> [Assignment] Print the data exactly as written, but leave out each picture.

-- Material provided follows --

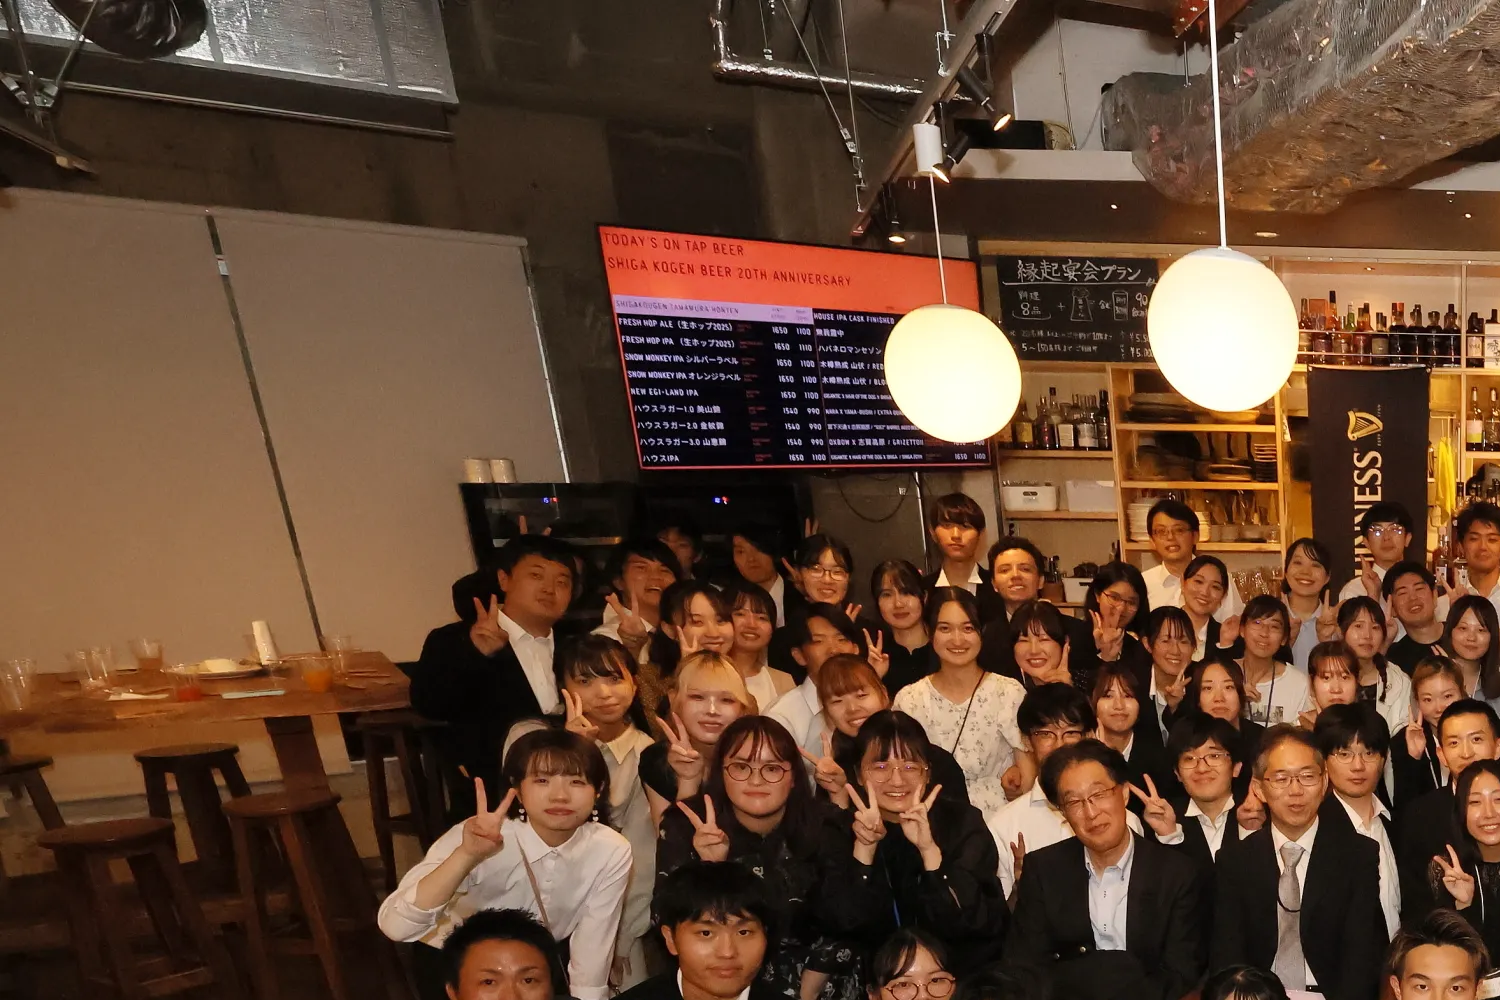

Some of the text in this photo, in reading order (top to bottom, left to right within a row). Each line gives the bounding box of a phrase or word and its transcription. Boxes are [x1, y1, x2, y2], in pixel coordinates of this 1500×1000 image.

[604, 233, 744, 256] TODAY'S ON TAP BEER
[607, 257, 852, 287] SHIGA KOGEN BEER 20TH ANNIVERSARY
[1017, 258, 1142, 283] 縁起宴会プラン
[618, 317, 643, 327] FRESH
[642, 318, 659, 328] HOP
[659, 319, 674, 329] ALE
[814, 312, 834, 321] HOUSE
[836, 314, 848, 322] IPA
[866, 316, 895, 325] FINISHED
[772, 326, 788, 335] 1650
[796, 327, 811, 336] 1100
[621, 335, 645, 345] FRESH
[645, 336, 661, 345] HOP
[662, 337, 675, 346] IPA
[774, 342, 790, 351] 1650
[624, 353, 645, 361] SNOW
[645, 353, 673, 363] MONKEY
[673, 354, 685, 363] IPA
[777, 359, 815, 368] 1650 1100
[627, 370, 647, 379] SNOW
[648, 371, 676, 379] MONKEY
[675, 372, 688, 380] IPA
[688, 372, 742, 381] オレンジラベル
[779, 375, 817, 384] 1650 1100
[630, 387, 647, 396] NEW
[686, 389, 699, 397] IPA
[781, 391, 797, 399] 1650
[783, 407, 799, 415] 1540
[787, 438, 824, 446] 1540 990

-- Material provided concluded --

> [Task answer]
Some of the text in this photo, in reading order (top to bottom, left to right within a row). Each line gives the bounding box of a phrase or word and its transcription. Boxes are [x1, y1, x2, y2], in pixel coordinates of this 1500×1000 image.

[604, 233, 744, 256] TODAY'S ON TAP BEER
[607, 257, 852, 287] SHIGA KOGEN BEER 20TH ANNIVERSARY
[1017, 258, 1142, 283] 縁起宴会プラン
[618, 317, 643, 327] FRESH
[642, 318, 659, 328] HOP
[659, 319, 674, 329] ALE
[814, 312, 834, 321] HOUSE
[836, 314, 848, 322] IPA
[866, 316, 895, 325] FINISHED
[772, 326, 788, 335] 1650
[796, 327, 811, 336] 1100
[621, 335, 645, 345] FRESH
[645, 336, 661, 345] HOP
[662, 337, 675, 346] IPA
[774, 342, 790, 351] 1650
[624, 353, 645, 361] SNOW
[645, 353, 673, 363] MONKEY
[673, 354, 685, 363] IPA
[777, 359, 815, 368] 1650 1100
[627, 370, 647, 379] SNOW
[648, 371, 676, 379] MONKEY
[675, 372, 688, 380] IPA
[688, 372, 742, 381] オレンジラベル
[779, 375, 817, 384] 1650 1100
[630, 387, 647, 396] NEW
[686, 389, 699, 397] IPA
[781, 391, 797, 399] 1650
[783, 407, 799, 415] 1540
[787, 438, 824, 446] 1540 990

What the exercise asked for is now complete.